Recorded information:
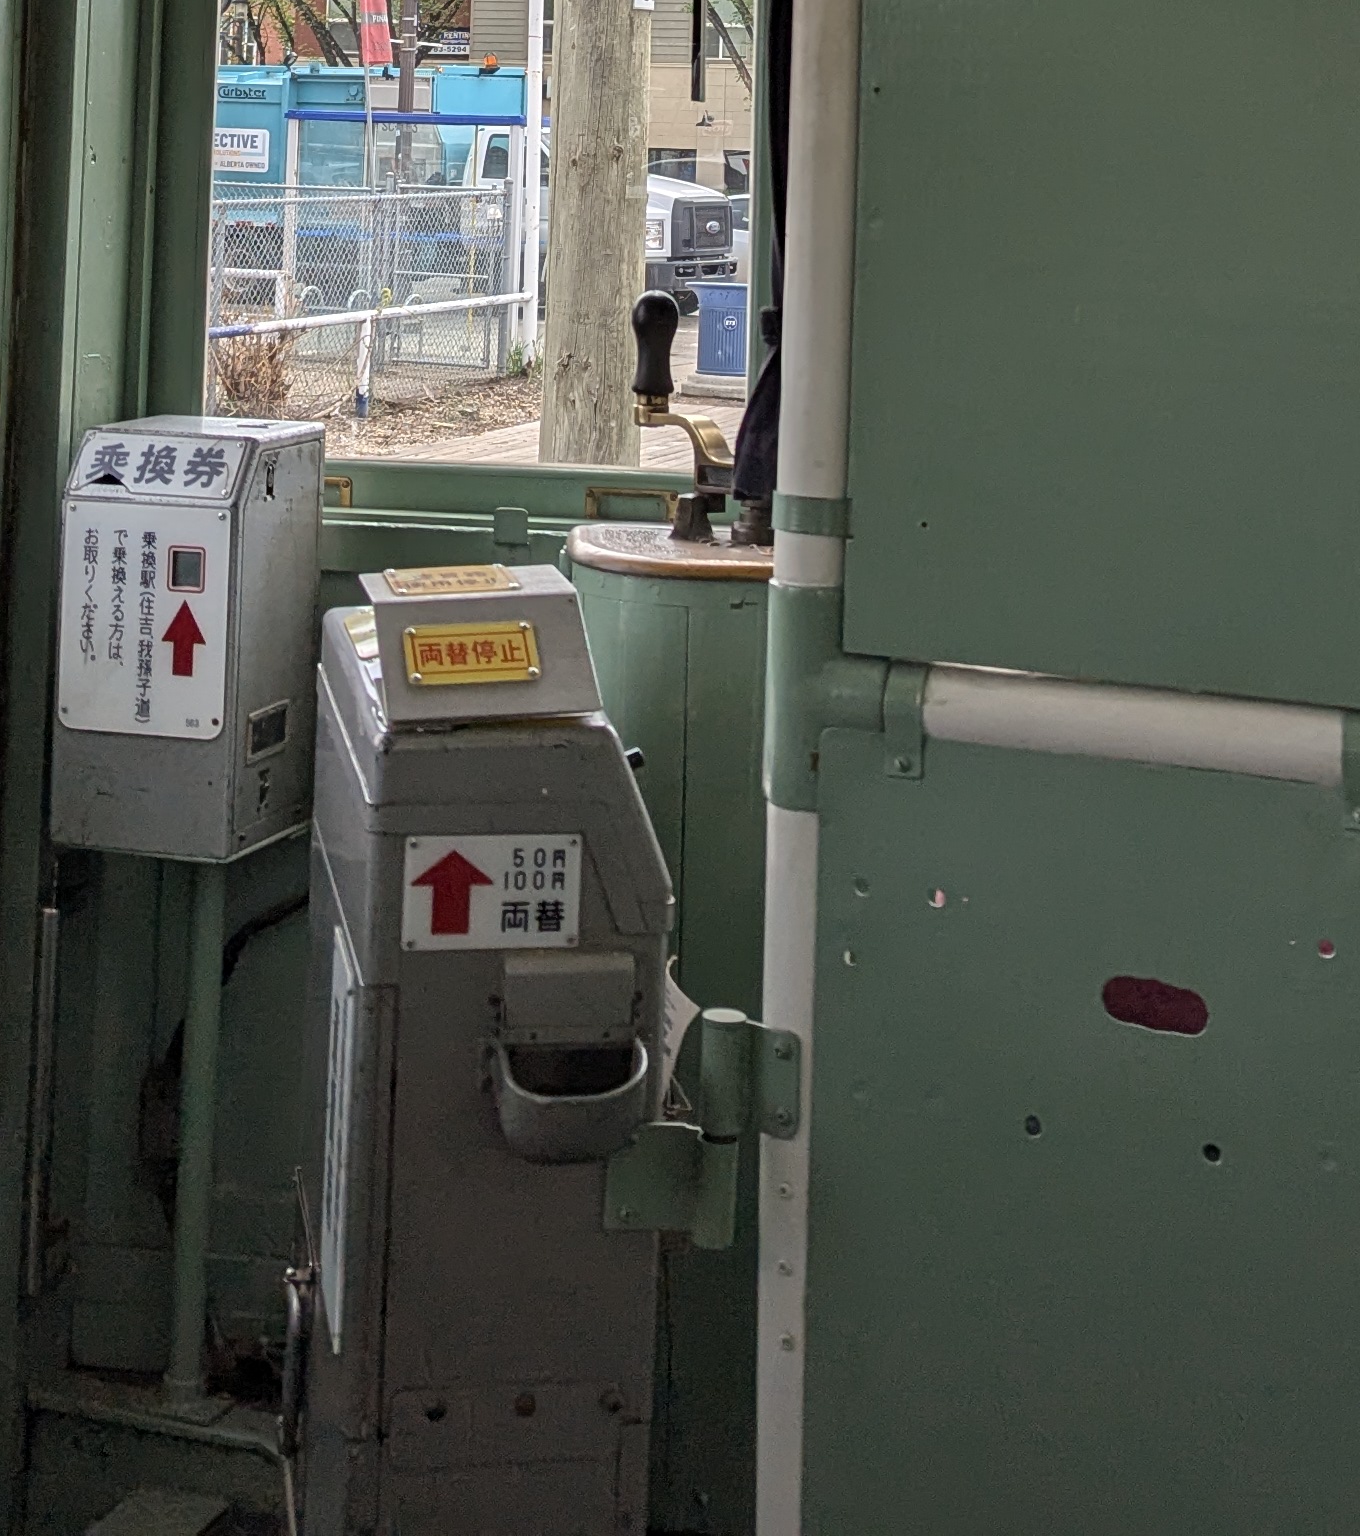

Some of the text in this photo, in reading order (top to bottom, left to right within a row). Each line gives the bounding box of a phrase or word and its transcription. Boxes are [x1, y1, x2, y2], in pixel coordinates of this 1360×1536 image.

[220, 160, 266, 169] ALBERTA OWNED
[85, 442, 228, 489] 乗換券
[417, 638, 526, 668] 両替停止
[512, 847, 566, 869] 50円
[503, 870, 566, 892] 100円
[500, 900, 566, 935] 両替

Problem statement: Write out each entry exactly as given, but skip the pictures.

Result for this exercise:
Some of the text in this photo, in reading order (top to bottom, left to right within a row). Each line gives the bounding box of a phrase or word and its transcription. Boxes are [x1, y1, x2, y2], in pixel coordinates of this 1360×1536 image.

[220, 160, 266, 169] ALBERTA OWNED
[85, 442, 228, 489] 乗換券
[417, 638, 526, 668] 両替停止
[512, 847, 566, 869] 50円
[503, 870, 566, 892] 100円
[500, 900, 566, 935] 両替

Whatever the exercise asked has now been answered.